De la couleur, matière première de la peinture, il a toujours tempéré l’éclat en pratiquant systématiquement les tons rompus, la déclinaison des ocres, des bruns, des gris. Jusque là, ces terres nous sont familières, elles avaient été assidûment fréquentées jadis par Velasquez, Le Nain et Rembrandt, puis par Manet. Synonymes d’austérité et d’exigence, de telles couleurs ne relèvent pourtant ni de la seule citation, ni du seul hommage. Elles sont, de tableau en tableau, les émanations d’une âme infiniment délicate, toutes proches en peinture des accords subtils d’un Morandi. A ce dernier font penser les roses, les verts et les bleus, ceux ci retournant au brun dans la toile de 1979, « Encore un secret », bâtie comme le firent tous les peintres du XVIle siècle, sur une préparation brun rouge.
C’est d’abord dans cette technique des glacis froids sur chaud que Claude Morini est un peintre classique. Poussin ne procédait pas autrement, ni les Vénitiens qui bâtissaient des ciels d’un bleu céruléen sur des préparations rouges.
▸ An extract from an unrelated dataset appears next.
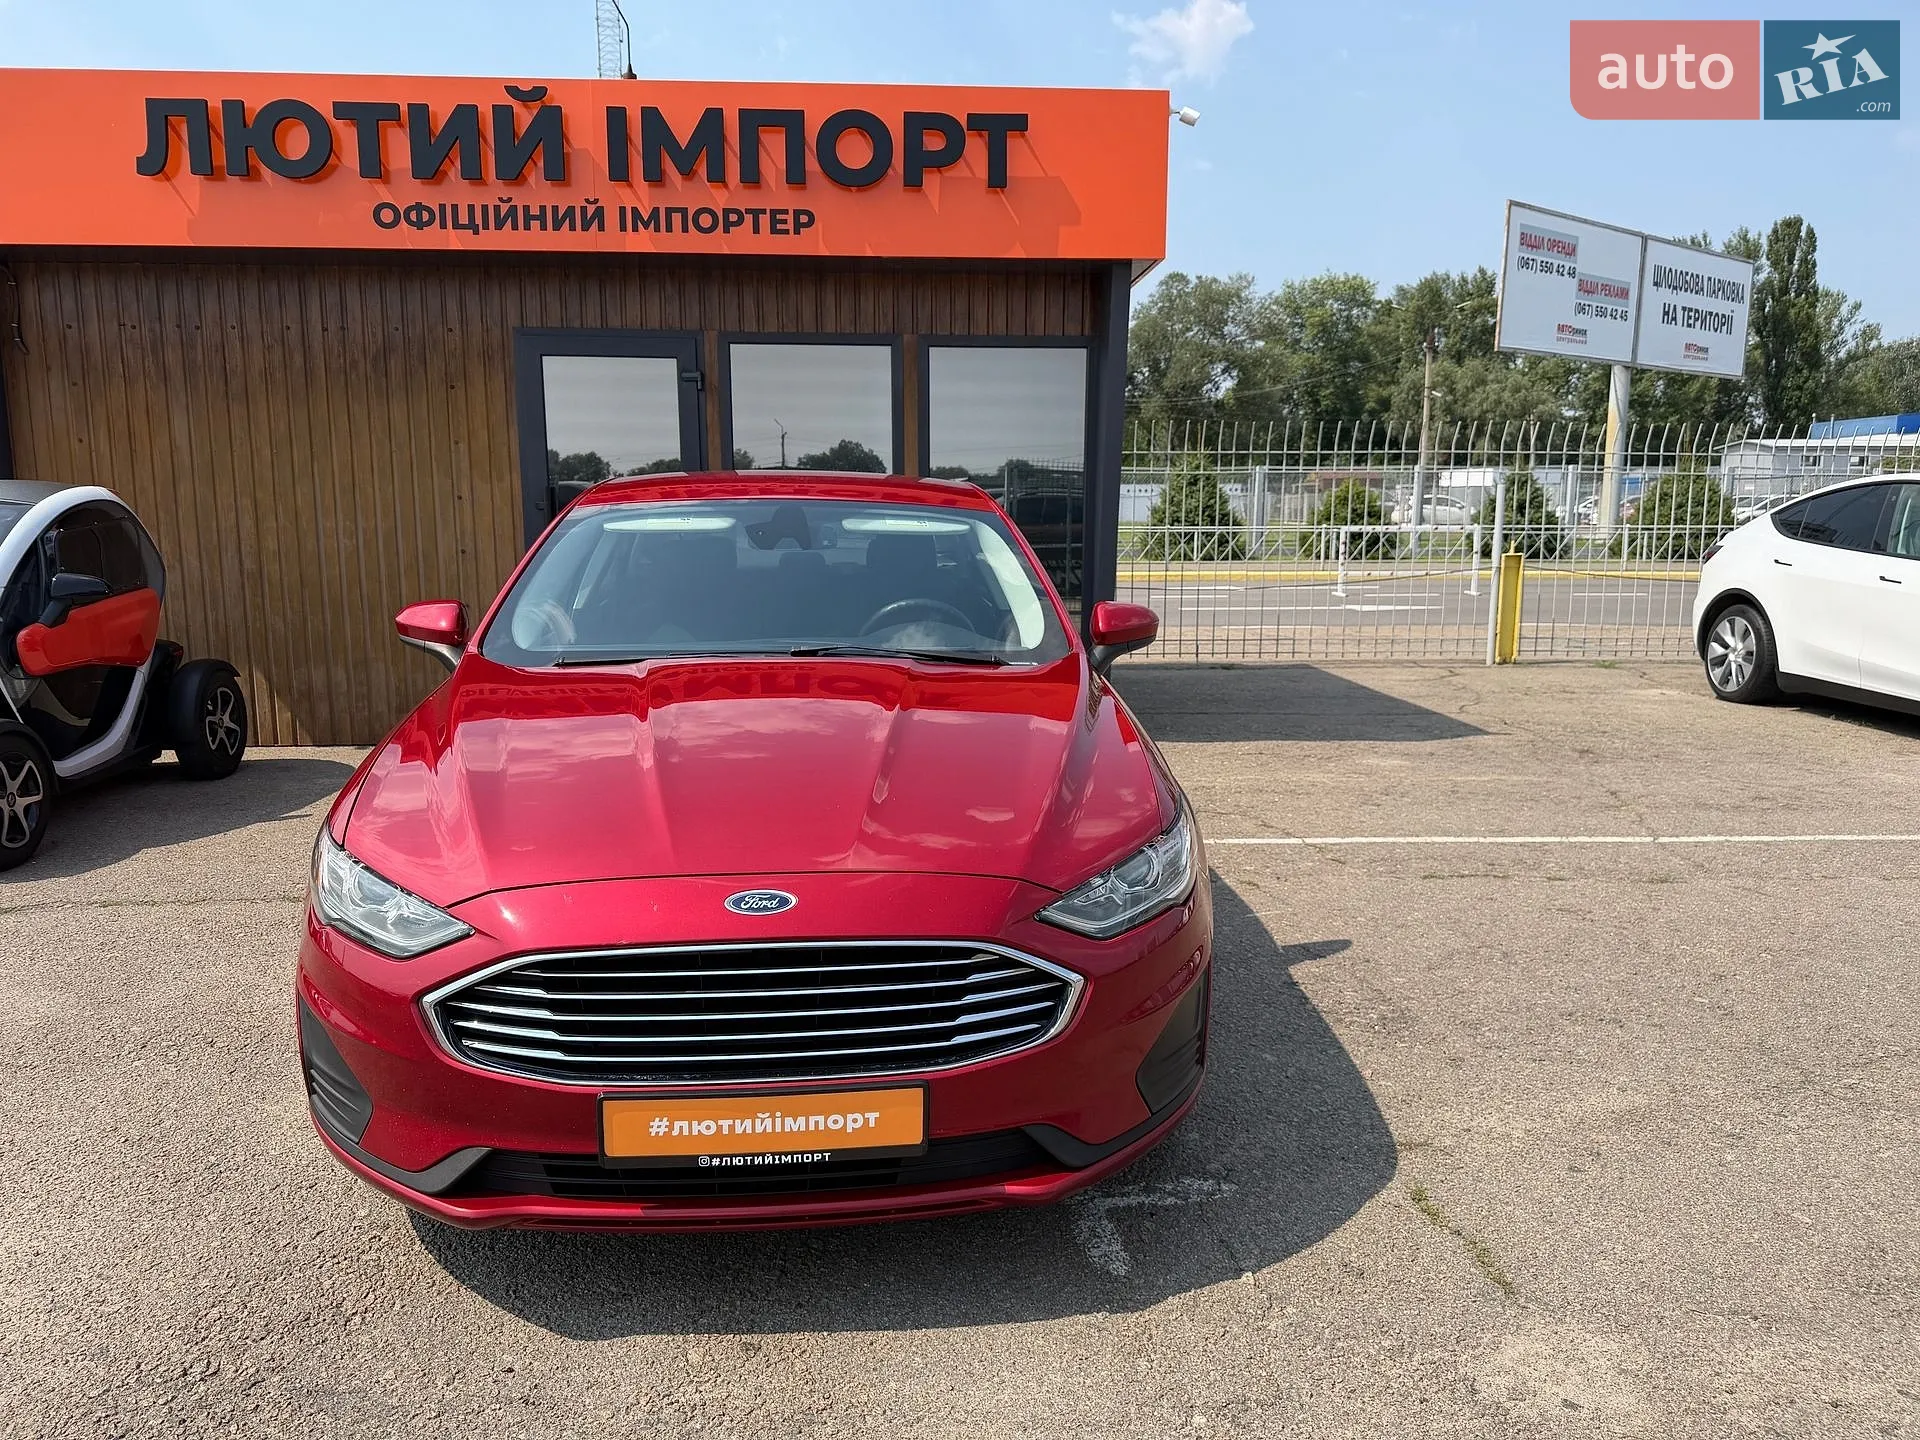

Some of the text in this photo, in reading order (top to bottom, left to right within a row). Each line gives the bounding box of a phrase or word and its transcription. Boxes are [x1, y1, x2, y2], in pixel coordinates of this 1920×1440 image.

Et peu à peu naissaient ainsi les lumières. A l’évidence, les coups de brosse, rapides plutôt que rageurs, ont pour mission de les arracher à l’obscurité. Toute la peinture de Claude Morini dit ces passages de l’ombre à la lumière, ces frontières incertaines entre un profil et l’espace qui l’entoure. La fluidité extrême de l’huile accompagne ces mouvements dans l’épaisseur de la couche picturale, disparitions et remontées qui créent aux frontières des plages de couleur d’infimes césures, des craquements dont il se sert à merveille, les donnant pour fortuits mais les organisant avec la plus grande autorité. Et puisqu’il s’agit bien de cela, il faut en venir aux noirs, qui comptent comme une couleur de plus exactement comme l’employait Picasso, bien au delà du dessin. Tantôt porte ouverte – « Le psychiatre vous attend », 1979 sur laquelle l’œil vient buter, tantôt cadre à la façon des épaisses moulures d’ébène de la peinture hollandaise – « Etude pour l’ascension », 1980 que le regard traverse, le noir remplit toutes les fonctions. Métaphore de l’infini, il est le sujet principal du « Peintre aveugle » de 1979, que ses lunettes opaques renvoient au monde intérieur. Et de cette obscurité qu’il nous donne à voir émerge un triptyque, qui à son tour montre un autre noir. De la juxtaposition de ces deux nuits, Titien autrefois avait fait un morceau de virtuosité dans « l’Homme au gant » (Musée du Louvre). Nous voilà ici bien loin des savantes compositions de la « Maniera » italienne : les noirs, chez Morini, véhiculent de la pure gravité.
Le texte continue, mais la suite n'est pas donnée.